Danshen (Salvia miltiorrhiza Bunge) is a traditional Chinese herb that has been successfully used for treating coronary heart diseases in clinics [2, 3]. More than 40 diterpene compounds (including the relatively abundant Tanshinones, Tanshinone I, Tanshinone IIA, crypto Tanshinone, and dihydro Tanshinone) have been isolated from Danshen [4]. These Tanshinones have shown cytotoxic effects on cell lines derived from human carcinomas of the colon, ovary, lung, mouth, and breast [5–11]. Recent findings indicate Tanshinone I can induce cyclin D1 proteasomal degradation and apoptosis in colon cancer [12, 13]. However, the antitumor activity of Tanshinone I on human cancer cell lines is not effective enough. Therefore, understanding the mechanisms of Tanshinone I action was critical for improving its anticancer effects.

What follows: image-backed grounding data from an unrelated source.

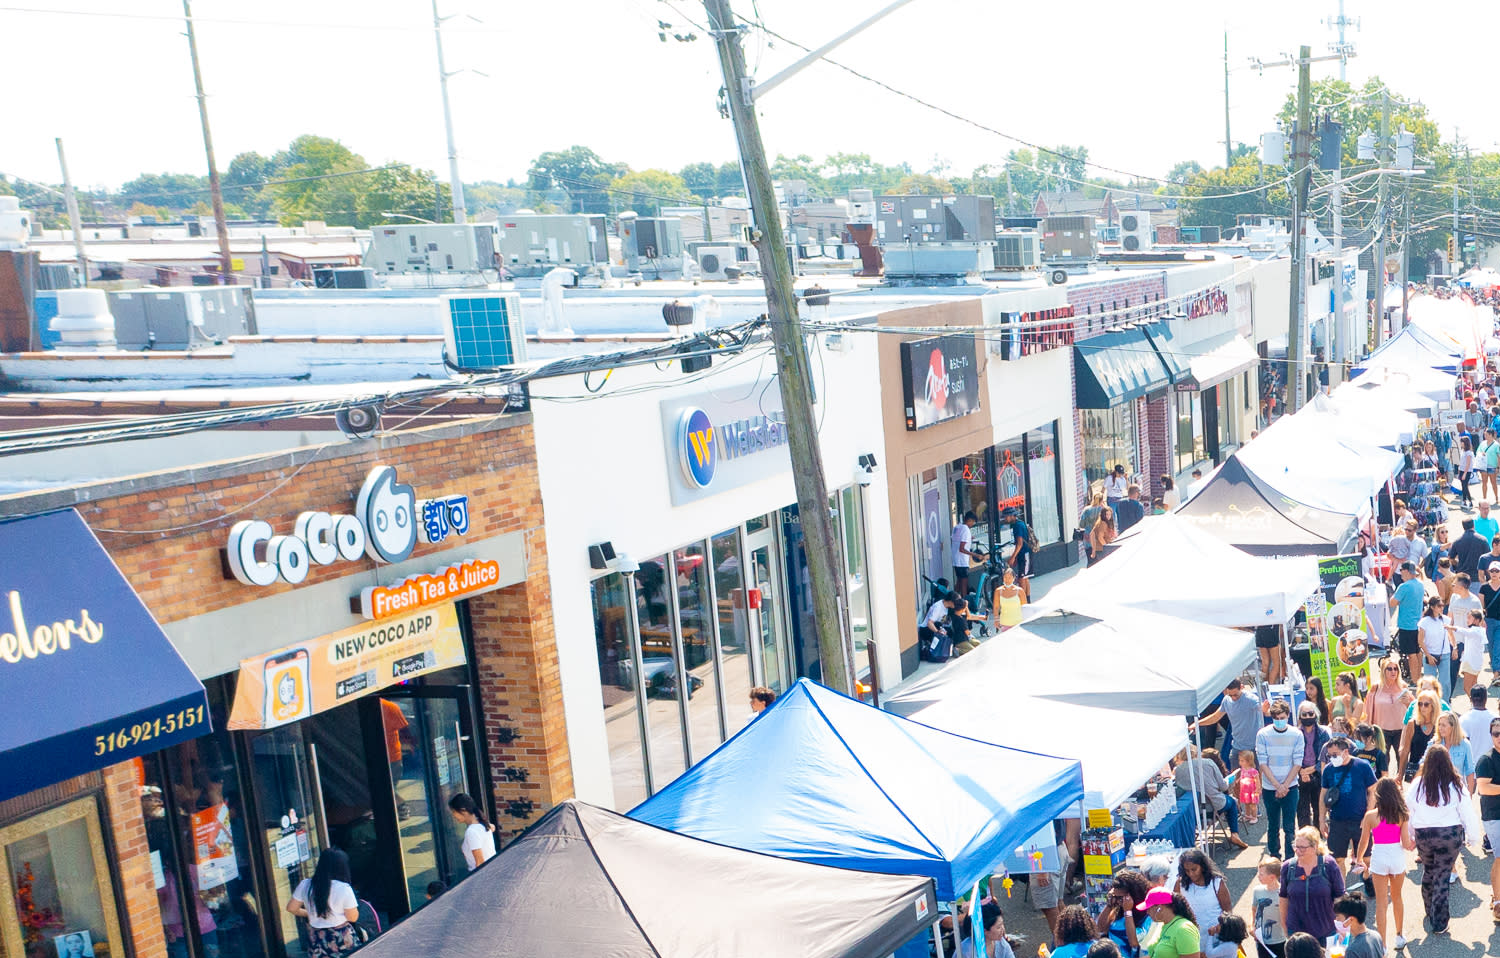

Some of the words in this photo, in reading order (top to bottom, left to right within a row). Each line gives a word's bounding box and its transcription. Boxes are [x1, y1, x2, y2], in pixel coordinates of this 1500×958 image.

[952, 375, 965, 394] sushi
[422, 495, 470, 544] 都可
[376, 582, 418, 616] Fresh
[420, 576, 446, 604] Tea
[448, 576, 459, 596] &
[460, 562, 497, 594] Juice
[1320, 564, 1358, 576] Prefusion
[0, 590, 104, 665] elers
[335, 635, 366, 661] NEW
[368, 623, 404, 649] COCO
[407, 615, 433, 636] APP
[1313, 657, 1339, 666] SERVCES
[1321, 662, 1341, 671] OFER
[95, 705, 204, 756] 516-921-5151
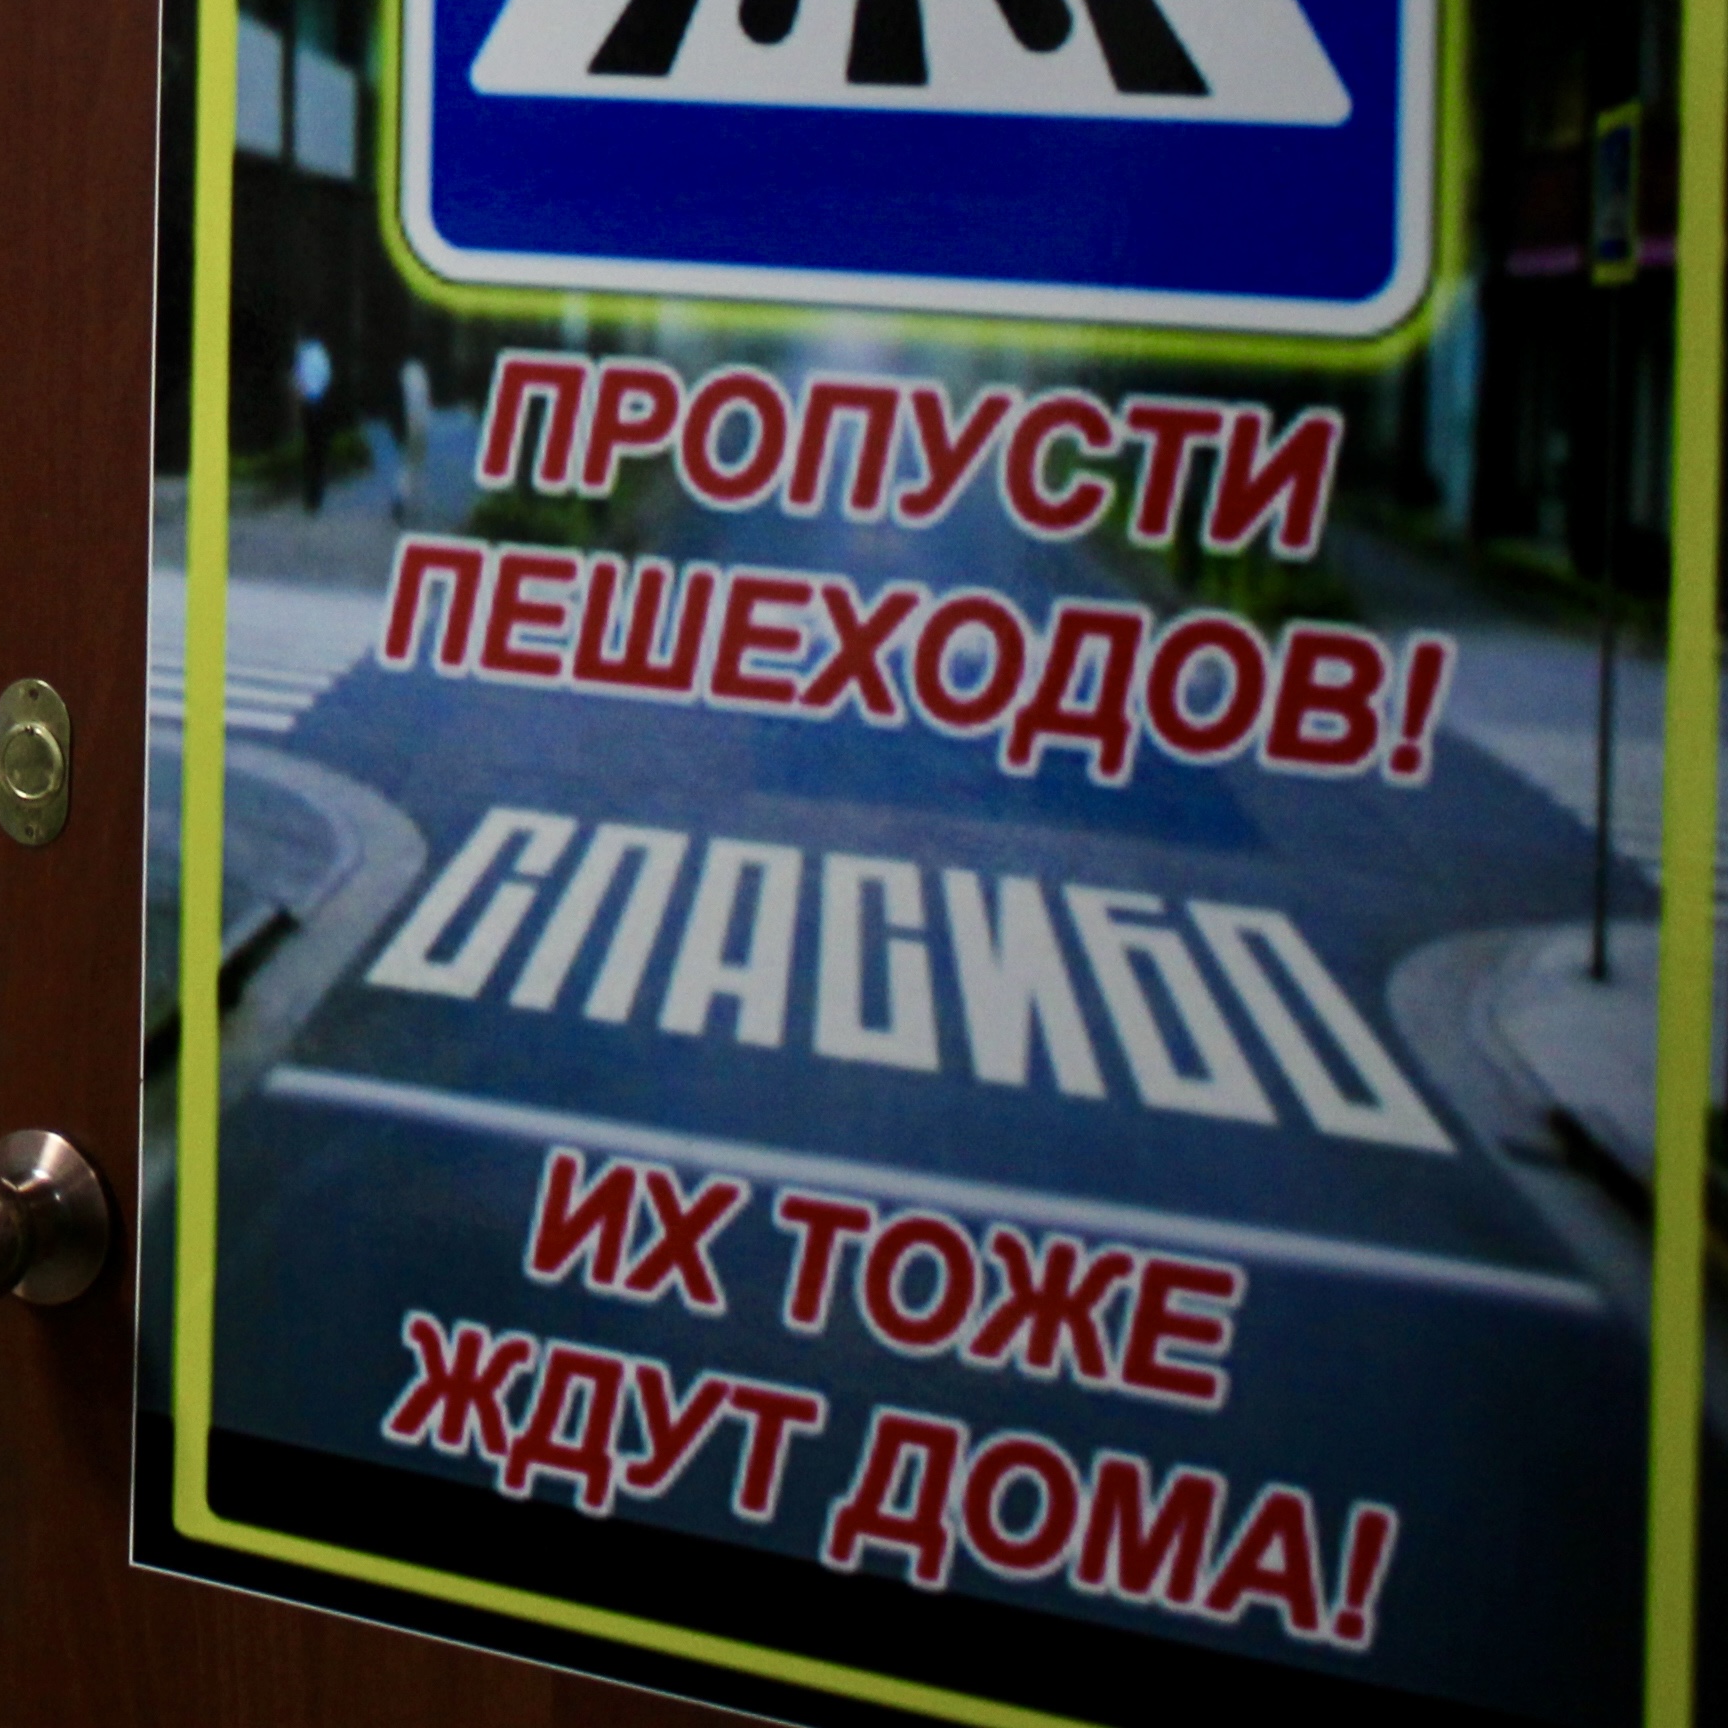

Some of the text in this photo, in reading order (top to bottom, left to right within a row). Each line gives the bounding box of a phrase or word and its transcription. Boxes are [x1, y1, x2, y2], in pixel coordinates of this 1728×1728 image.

Autophagy is a catabolic degradation process whereby cellular proteins and organelles are digested in lysosomes and recycling maintains cellular biosynthesis [14]. Accumulating evidence has shown natural products that have antitumor effects can induce autophagy in different cancer cell types. Resveratrol present in grapes can induce autophagy in ovarian cancer cell lines [15]. Triterpenoid saponins isolated from soybeans induce autophagy in colon cancer cells with decreasing Akt expression and increasing ERK expression [16]. In addition, EB1089, which is a vitamin D analog, induces autophagy in MCF-7 cells, and overexpression of Beclin-1 can sensitize these cells to EB 1089 [17]. However, drug-induced autophagy in tumor cells is a cell survival mechanism that suppresses apoptosis and eventually leads to treatment resistance [18, 19]. Moreover, no data upon the effect of Tanshinone I on apoptosis and autophagy have been reported until now. To understand the cross talk between autophagy and apoptosis, we investigated the effect of Tanshinone I on apoptosis and autophagy of gastric BGC823 and SGC7901 cells.
Materials and methods
Reagents
Tanshinone I, 5-diphenyl-2-H-tetrazolium bromide (MTT), chloroquine, propidium iodide (PI), and 3-methyladenine (3-MA) were purchased from Sigma, USA.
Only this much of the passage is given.